L’autotreno elettrico aerodinamico denominato Freccia rossa
andava da Milano a Venezia in 2 ore e 20 minuti, alla media di
170 chilometri all’ora raggiungendo in alcuni tratti i 178
chilometri all’ora. Un treno rapido impiegava 1 ora e mezzo da
Milano a Torino, lo stesso tempo di un Intercity di oggi:
«La velocità è alla base di ogni perfezionamento» era il motto
delle Ferrovie dello Stato fasciste. Francamente oggi farebbe
ridere. Nel 1939, su 22.800 chilometri di ferrovie (contro i
15.983 attuali), ne erano stati elettrificati 5500, con
l’obiettivo di raggiungere i 9000 chilometri del programma.
L’Italia aveva cominciato a elettrificare le ferrovie fin dal
1930, ma dal 1935, dopo le sanzioni della Società delle Nazioni,
fu costretta a intensificarne il programma per far fronte
all’embargo sul carbone e sui combustibili liquidi. Facendo di
necessità virtù, l’Italia alla vigilia della seconda guerra
mondiale aveva una rete ferroviaria tra le più moderne e
sviluppate d’Europa. Nel 1930 erano stati elettrificati 2650
chilometri di ferrovia contro i 2404 della Svizzera, i 1550
della Germania, i 1197 della Francia, i 1168 della Svezia, i 743
dell’Inghilterra.
Con l’avvento della trazione elettrica, dei veloci elettrotreni
ETR 200 e delle famose «littorine» (nel 1936 ne erano in
servizio 180 anche sulle grandi linee non elettrificate e altre
200 erano in costruzione), i tempi di percorrenza di alcune
tratte vennero, come si vedrà, dimezzati.
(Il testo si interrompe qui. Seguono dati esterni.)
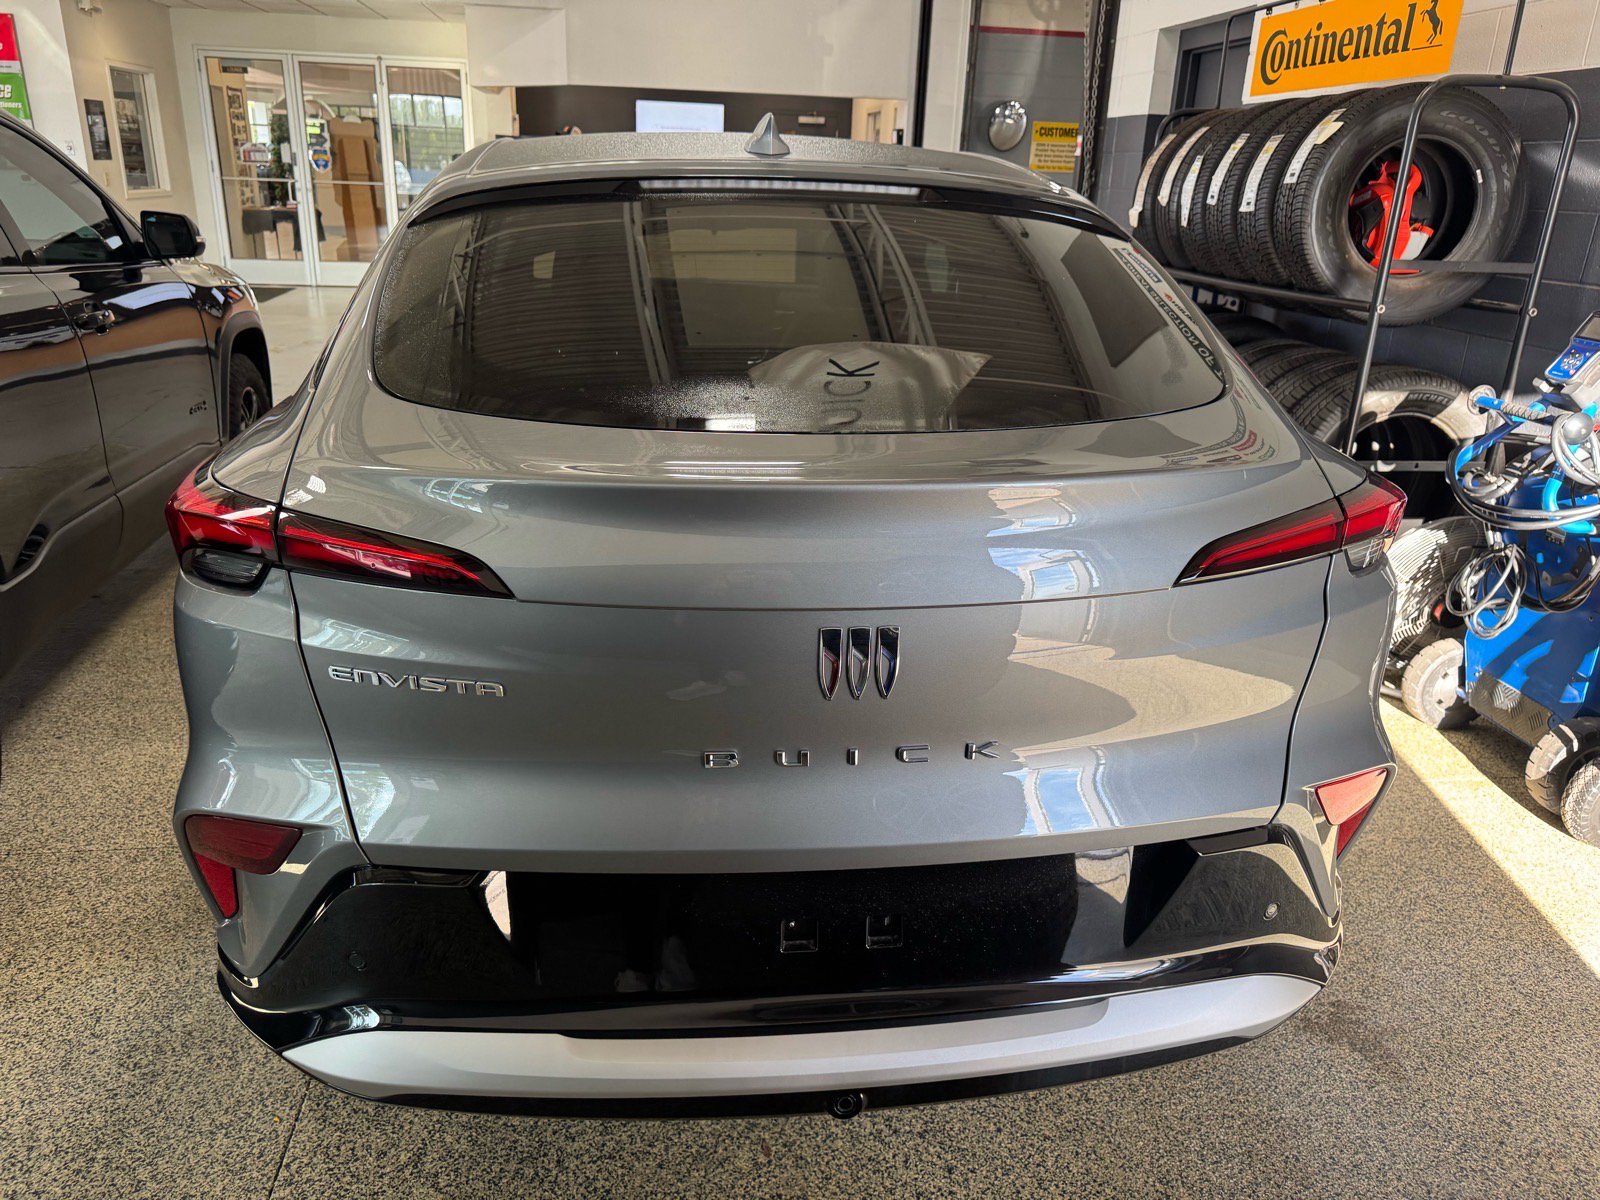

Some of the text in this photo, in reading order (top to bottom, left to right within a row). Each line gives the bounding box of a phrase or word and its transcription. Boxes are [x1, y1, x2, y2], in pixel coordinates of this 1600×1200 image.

Così il «Corriere della Sera» del 23 maggio 1937 commenta
l’inaugurazione della linea Napoli-Bologna-Milano: «Con
l’inaugurazione della linea regolare Napoli-Bologna-Milano,
servita da treni aerodinamici a trazione elettrica, l’insinuante
vaporiera che esaltò tante ispirazioni liriche entra nell’ultima
fase della sua decadenza e comincia l’epoca dell’elettrotreno.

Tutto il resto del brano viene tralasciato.